The album was reviewed favorably in local publications such as East Bay Express, which wrote, "The Phenomenauts come roaring out of the gate at warp speed on their third album". To promote the album The Phenomenauts went on two tours. The first was a United States national tour with The A.K.A.s. They followed up with an international tour across the U.S. and Canada with San Francisco band The Re-Volts.

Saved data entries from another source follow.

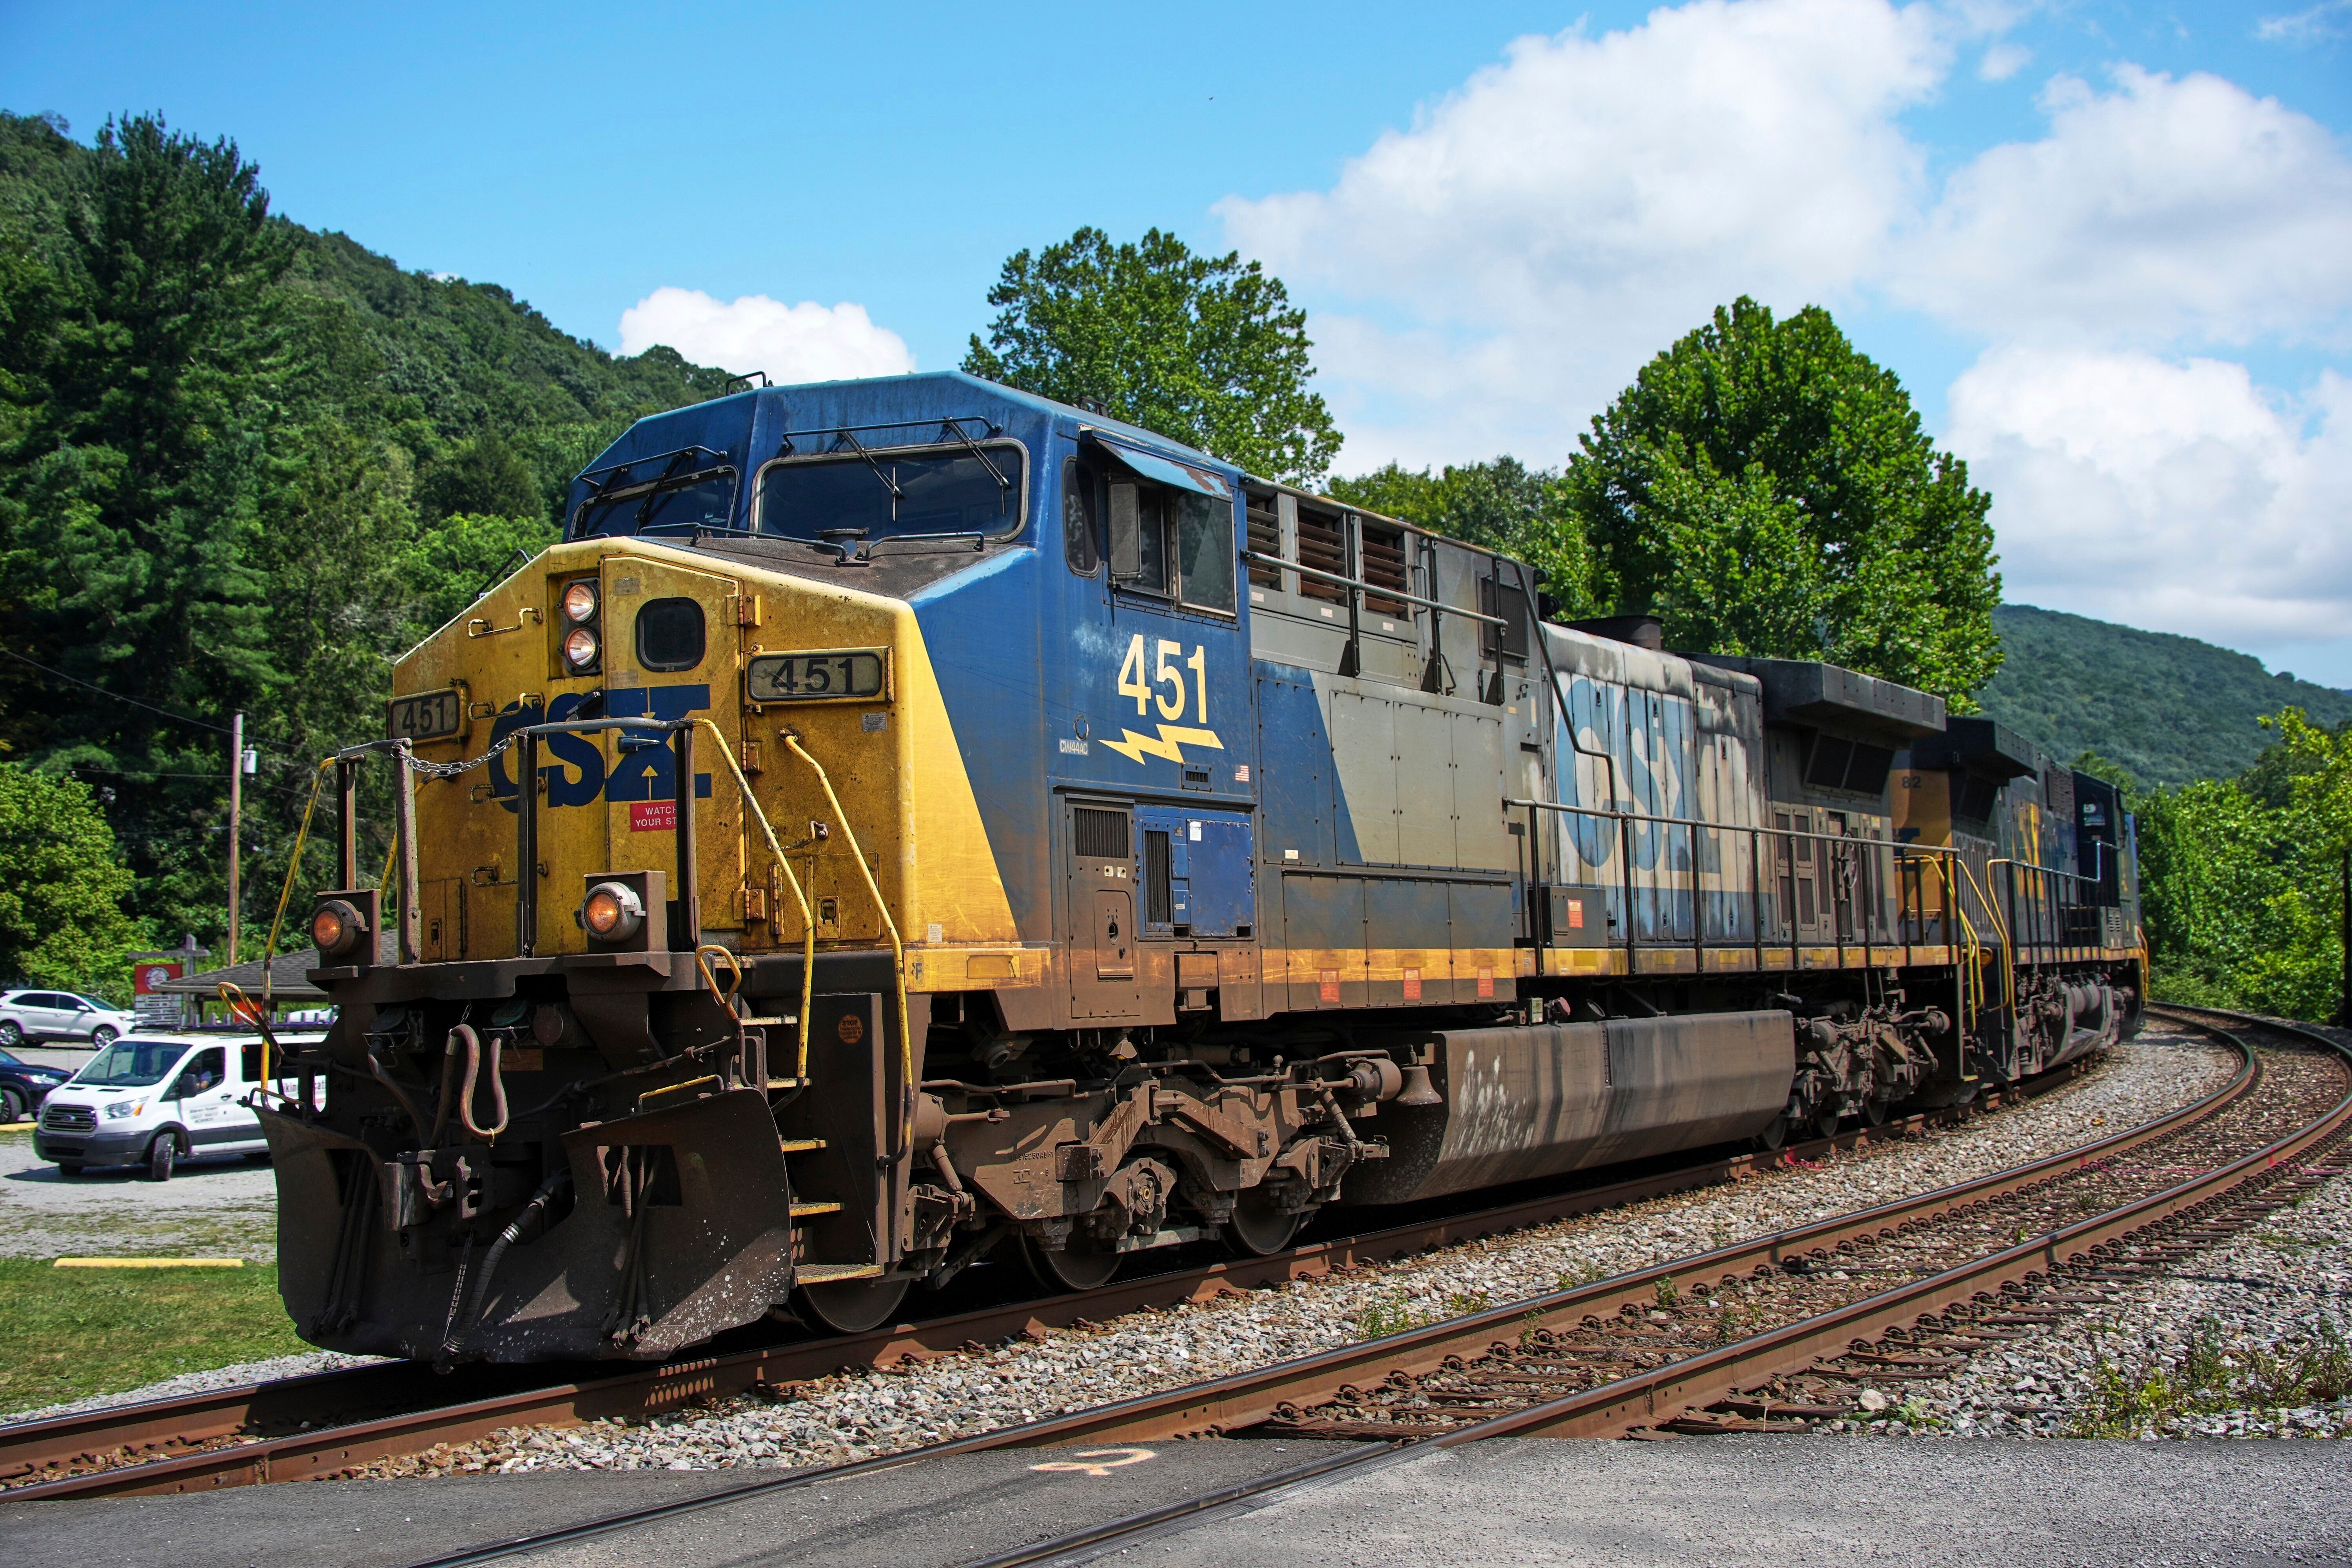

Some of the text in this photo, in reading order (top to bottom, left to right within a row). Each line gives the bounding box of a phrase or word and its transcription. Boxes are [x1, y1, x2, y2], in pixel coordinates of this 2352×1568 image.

[771, 658, 853, 694] 451
[1118, 633, 1207, 724] 451
[402, 697, 445, 735] 451
[488, 684, 712, 814] CSX
[1060, 740, 1088, 755] CW44AC
[1556, 678, 1721, 874] CSX
[635, 818, 661, 827] YOUR
[916, 962, 922, 980] F

The band also collaborated with Emmy Award winning writer Rich Fogel and Eisner Award winning artist Erica Henderson to create an animated music video for the song "Infinite Frontier".

In February 2009 The Phenomenauts lineup changed again, with JoeBot 2.0 and Captain Chreehos leaving. Two new members took their place: Leftenant AR-7 on guitar and vocals, and Deck Chief Nick Wayzar playing bass.

=== Electric Sheep (2010) ===
In 2010 The Phenomenauts released the digital-only mini-album Electric Sheep, containing four new songs. The album featured AR7's first songwriting and singing with the band. The band departed on their second European tour, "Operation: Europe!", to promote the album after release.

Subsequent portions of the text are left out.